ACTIVITY
Each line of the listing, apart from the pictures, is to be printed exactly.

SOURCE MATERIAL
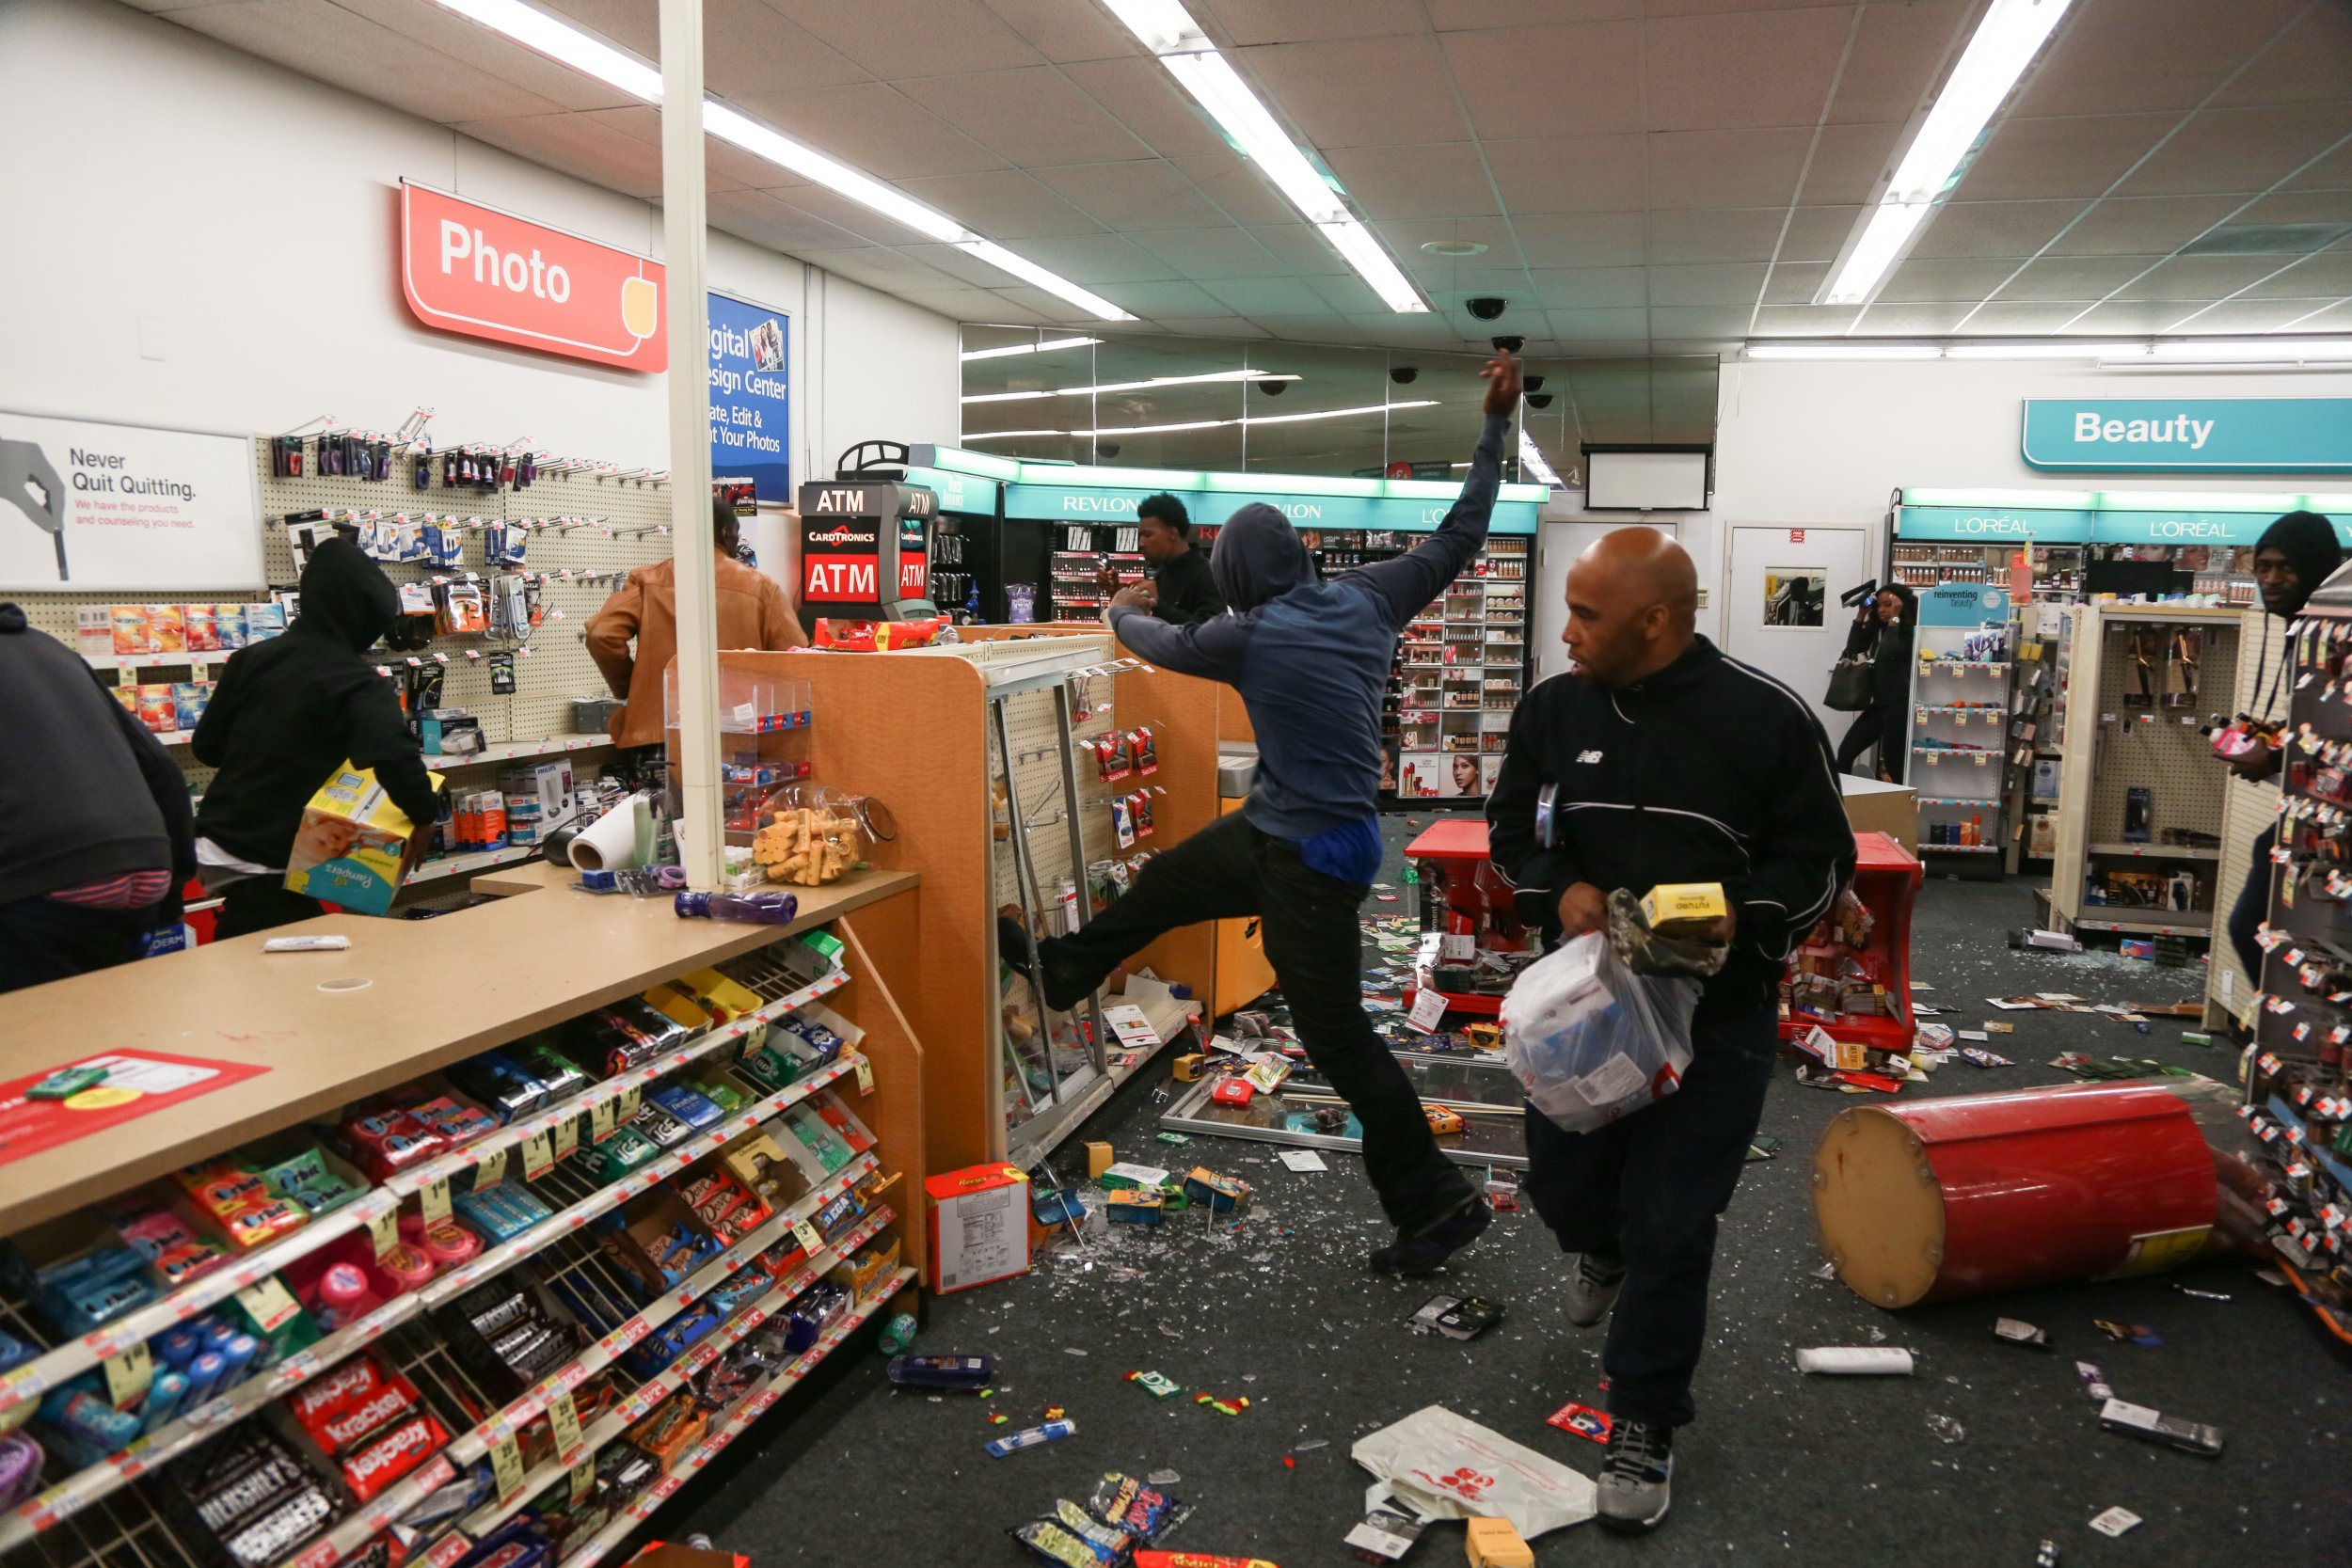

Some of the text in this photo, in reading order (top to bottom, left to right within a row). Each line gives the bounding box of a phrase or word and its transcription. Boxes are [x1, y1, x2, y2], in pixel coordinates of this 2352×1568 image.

[440, 218, 570, 304] Photo
[707, 319, 750, 360] igital
[708, 363, 787, 400] esign Center
[709, 404, 763, 429] ate, Edit &
[720, 425, 743, 447] Your
[746, 430, 781, 452] Photos
[2074, 412, 2215, 450] Beauty
[70, 448, 126, 469] Never
[72, 472, 197, 501] Quit Quitting.
[75, 499, 179, 515] We have the products
[817, 490, 864, 512] ATM
[909, 492, 930, 515] ATM
[1063, 496, 1139, 512] REVLON
[75, 515, 196, 530] and counseling you need.
[1954, 515, 2032, 533] L'ORÉAL
[2150, 519, 2235, 537] L'ORÉAL
[808, 531, 875, 543] CARDTRONICS
[808, 563, 875, 594] ATM
[900, 563, 925, 587] ATM
[1933, 589, 1978, 602] reinventing
[1950, 598, 1975, 610] beauty
[537, 765, 557, 775] PHILIPS
[325, 863, 373, 888] Pampers
[632, 1101, 656, 1125] ICE
[654, 1117, 678, 1141] ICE
[616, 1135, 642, 1161] ICE
[325, 1387, 407, 1442] krackel
[351, 1420, 431, 1482] krackel

TASK RESULT
Some of the text in this photo, in reading order (top to bottom, left to right within a row). Each line gives the bounding box of a phrase or word and its transcription. Boxes are [x1, y1, x2, y2], in pixel coordinates of this 2352×1568 image.

[440, 218, 570, 304] Photo
[707, 319, 750, 360] igital
[708, 363, 787, 400] esign Center
[709, 404, 763, 429] ate, Edit &
[720, 425, 743, 447] Your
[746, 430, 781, 452] Photos
[2074, 412, 2215, 450] Beauty
[70, 448, 126, 469] Never
[72, 472, 197, 501] Quit Quitting.
[75, 499, 179, 515] We have the products
[817, 490, 864, 512] ATM
[909, 492, 930, 515] ATM
[1063, 496, 1139, 512] REVLON
[75, 515, 196, 530] and counseling you need.
[1954, 515, 2032, 533] L'ORÉAL
[2150, 519, 2235, 537] L'ORÉAL
[808, 531, 875, 543] CARDTRONICS
[808, 563, 875, 594] ATM
[900, 563, 925, 587] ATM
[1933, 589, 1978, 602] reinventing
[1950, 598, 1975, 610] beauty
[537, 765, 557, 775] PHILIPS
[325, 863, 373, 888] Pampers
[632, 1101, 656, 1125] ICE
[654, 1117, 678, 1141] ICE
[616, 1135, 642, 1161] ICE
[325, 1387, 407, 1442] krackel
[351, 1420, 431, 1482] krackel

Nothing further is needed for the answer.